UMass Amherst nursing students learn brief effective substance abuse screening

SBIRT assists healthcare workers in identifying underlying signs of substance abuse and provides early opportunities to intervene

Grant and Award Announcement

University of Massachusetts Amherst

AMHERST, Mass. - As recreational marijuana use becomes legal in Massachusetts, researchers at the University of Massachusetts Amherst College of Nursing are now training all student nurses in clinical techniques proven to be effective in speaking to clients about risky health behaviors and in collaborating on interventions.

The technique, known as "screening, brief intervention and referral to treatment" or SBIRT, assists healthcare workers in identifying underlying signs of substance abuse and provides early opportunities to intervene with individuals having problems. As they graduate this semester, 44 student nurses who learned SBIRT skills in the classroom with national expert Dr. Paul Grossberg are now practicing the technique in their clinical practice settings across the region.

Donna Zucker, professor of nursing, says, "Every student nurse will get educated around addiction, risk appraisal, motivational interviewing and in using SBIRT every day in their careers. They go out as new professionals with skills that many people already in the field haven't learned yet. Our student nurses can also train people in settings wherever they end up. The first pioneers are going out and engaging the community now."

Students say that learning by practicing with real or simulated patients has made a difference in their communication. Senior nursing student Jennifer La, who served her clinical practice at University Health Services, says, "The new skill I learned was initiating conversation about a topic that can be sensitive or personal with a client, to learn more about their health."

Plans to add SBIRT training to the nursing curriculum at UMass Amherst began in July when the college received an $870,000 grant from the Substance Abuse Mental Health Services Administration, one of only 12 SBIRT training centers in the nation. The goal is to teach 150 student nurses here per year for the next three years in the technique, say Zucker and Sally Linowski, associate dean of students, off campus life and community education.

They are co-lead investigators in the SBIRT training with a team of College of Nursing, UMass Amherst School of Public Health and Health Sciences faculty, community members and a council of directors.

Zucker points out that nurses, who care for people every day at an intimate level in varied settings, are a natural for SBIRT interviewing that may lead to sharing information about the patient's health habits. "Nurses are the boots on the ground, they're the first person who might be asking this kind of question. And, nurses have a holistic approach. While they are taking a history, they are building rapport with the patient, building a relationship."

School nurses fill this role for young people, she adds. They talk about many health education issues such as nutrition, home safety, bullying and violence in addition to substance use. "The nurse may be the first on the scene. If a child's answers raise a flag, they report it to a superior who takes it from there."

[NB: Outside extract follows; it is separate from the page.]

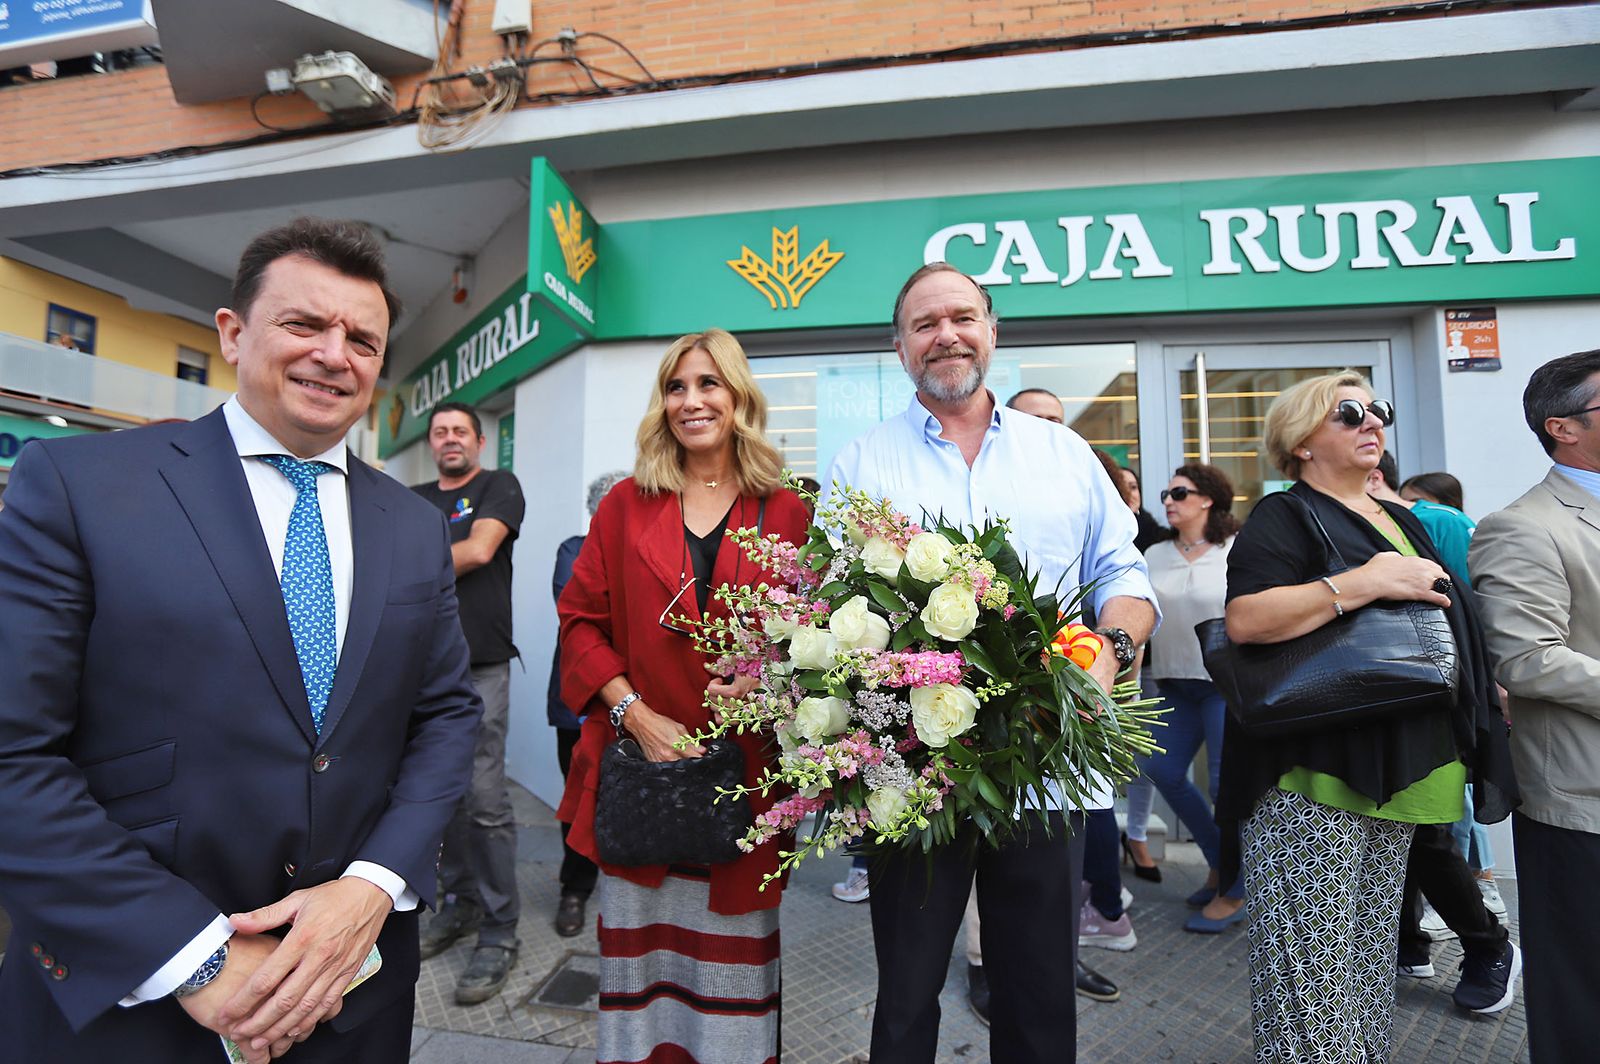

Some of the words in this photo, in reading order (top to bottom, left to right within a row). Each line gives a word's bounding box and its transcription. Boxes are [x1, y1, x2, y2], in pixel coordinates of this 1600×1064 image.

The most challenging part of implementing SBIRT, the nurse educators say, is training health care providers to use a non-judgmental approach that motivational interviewing can support with patients. Zucker says that as part of their clinical rotations in UMass Amherst's nursing degree program, eight groups of eight senior nursing students each work in behavioral or mental health services, community clinics, hospitals, campus health services and other institutions across western Massachusetts and now all graduating seniors will have SBIRT skills.

The U.S. surgeon general recently reported that substance abuse is at crisis levels in the nation. Since the early 2000s, the U.S. Department of Health and Human Services has identified SBIRT as a best practice in educating the nation about how to screen for substance abuse and risk, Linowski says, "and UMass Amherst has established itself as a leader in SBIRT."

She adds, "Clinicians trained in motivational interviewing and behavior change theory help patients explore and resolve ambivalence to change and identify personal motivations and options for reducing harms or entering treatment. Only one in 10 people who need treatment get it, and SBIRT has been shown to help people identify their own motivations for seeking help."

With one in seven people developing substance abuse disorder in their lifetime, Linowski says, "Universal prevention is a tide that raises all boats. What we want is to identify what we as a society can do to make everyone healthier and identify where and when to talk to people. Addiction is not an individual problem, it is a progressive family disease and a pressing topic right now."